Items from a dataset
──────────────────────────────

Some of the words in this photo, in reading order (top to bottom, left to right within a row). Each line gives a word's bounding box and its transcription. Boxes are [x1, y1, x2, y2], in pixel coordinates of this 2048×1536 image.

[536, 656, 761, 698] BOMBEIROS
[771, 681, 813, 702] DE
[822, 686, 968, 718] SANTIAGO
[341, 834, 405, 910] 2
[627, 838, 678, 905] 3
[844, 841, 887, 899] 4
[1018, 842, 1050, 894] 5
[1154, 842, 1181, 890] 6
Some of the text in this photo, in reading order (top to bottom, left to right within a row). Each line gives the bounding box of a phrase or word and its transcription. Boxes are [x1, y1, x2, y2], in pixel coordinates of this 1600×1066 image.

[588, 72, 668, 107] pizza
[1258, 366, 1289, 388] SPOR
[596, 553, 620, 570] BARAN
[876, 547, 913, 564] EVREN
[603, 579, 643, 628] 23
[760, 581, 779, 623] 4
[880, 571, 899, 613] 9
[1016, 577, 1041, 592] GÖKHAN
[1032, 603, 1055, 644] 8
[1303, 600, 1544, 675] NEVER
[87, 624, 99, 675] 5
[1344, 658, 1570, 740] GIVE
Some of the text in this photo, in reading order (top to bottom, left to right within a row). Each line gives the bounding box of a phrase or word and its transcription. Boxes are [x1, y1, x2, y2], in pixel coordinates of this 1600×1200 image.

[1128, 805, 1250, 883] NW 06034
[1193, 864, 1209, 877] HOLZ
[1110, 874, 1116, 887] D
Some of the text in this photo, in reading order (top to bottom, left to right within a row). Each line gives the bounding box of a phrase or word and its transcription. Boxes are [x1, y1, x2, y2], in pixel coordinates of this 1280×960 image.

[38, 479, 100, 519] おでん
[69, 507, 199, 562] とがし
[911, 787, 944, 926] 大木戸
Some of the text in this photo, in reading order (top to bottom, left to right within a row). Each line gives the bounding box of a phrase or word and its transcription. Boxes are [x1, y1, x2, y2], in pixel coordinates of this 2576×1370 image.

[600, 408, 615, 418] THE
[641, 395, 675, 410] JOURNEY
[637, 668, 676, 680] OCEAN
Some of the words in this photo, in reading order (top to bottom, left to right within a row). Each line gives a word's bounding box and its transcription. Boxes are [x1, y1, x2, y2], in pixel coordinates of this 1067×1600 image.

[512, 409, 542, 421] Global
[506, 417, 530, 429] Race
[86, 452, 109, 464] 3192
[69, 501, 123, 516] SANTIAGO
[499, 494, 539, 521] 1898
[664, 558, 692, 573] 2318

──────────────────────────────

__Exercise prompt__. The records above should be repeated word for word.

__Task response__.
Some of the words in this photo, in reading order (top to bottom, left to right within a row). Each line gives a word's bounding box and its transcription. Boxes are [x1, y1, x2, y2], in pixel coordinates of this 2048×1536 image.

[536, 656, 761, 698] BOMBEIROS
[771, 681, 813, 702] DE
[822, 686, 968, 718] SANTIAGO
[341, 834, 405, 910] 2
[627, 838, 678, 905] 3
[844, 841, 887, 899] 4
[1018, 842, 1050, 894] 5
[1154, 842, 1181, 890] 6
Some of the text in this photo, in reading order (top to bottom, left to right within a row). Each line gives the bounding box of a phrase or word and its transcription. Boxes are [x1, y1, x2, y2], in pixel coordinates of this 1600×1066 image.

[588, 72, 668, 107] pizza
[1258, 366, 1289, 388] SPOR
[596, 553, 620, 570] BARAN
[876, 547, 913, 564] EVREN
[603, 579, 643, 628] 23
[760, 581, 779, 623] 4
[880, 571, 899, 613] 9
[1016, 577, 1041, 592] GÖKHAN
[1032, 603, 1055, 644] 8
[1303, 600, 1544, 675] NEVER
[87, 624, 99, 675] 5
[1344, 658, 1570, 740] GIVE
Some of the text in this photo, in reading order (top to bottom, left to right within a row). Each line gives the bounding box of a phrase or word and its transcription. Boxes are [x1, y1, x2, y2], in pixel coordinates of this 1600×1200 image.

[1128, 805, 1250, 883] NW 06034
[1193, 864, 1209, 877] HOLZ
[1110, 874, 1116, 887] D
Some of the text in this photo, in reading order (top to bottom, left to right within a row). Each line gives the bounding box of a phrase or word and its transcription. Boxes are [x1, y1, x2, y2], in pixel coordinates of this 1280×960 image.

[38, 479, 100, 519] おでん
[69, 507, 199, 562] とがし
[911, 787, 944, 926] 大木戸
Some of the text in this photo, in reading order (top to bottom, left to right within a row). Each line gives the bounding box of a phrase or word and its transcription. Boxes are [x1, y1, x2, y2], in pixel coordinates of this 2576×1370 image.

[600, 408, 615, 418] THE
[641, 395, 675, 410] JOURNEY
[637, 668, 676, 680] OCEAN
Some of the words in this photo, in reading order (top to bottom, left to right within a row). Each line gives a word's bounding box and its transcription. Boxes are [x1, y1, x2, y2], in pixel coordinates of this 1067×1600 image.

[512, 409, 542, 421] Global
[506, 417, 530, 429] Race
[86, 452, 109, 464] 3192
[69, 501, 123, 516] SANTIAGO
[499, 494, 539, 521] 1898
[664, 558, 692, 573] 2318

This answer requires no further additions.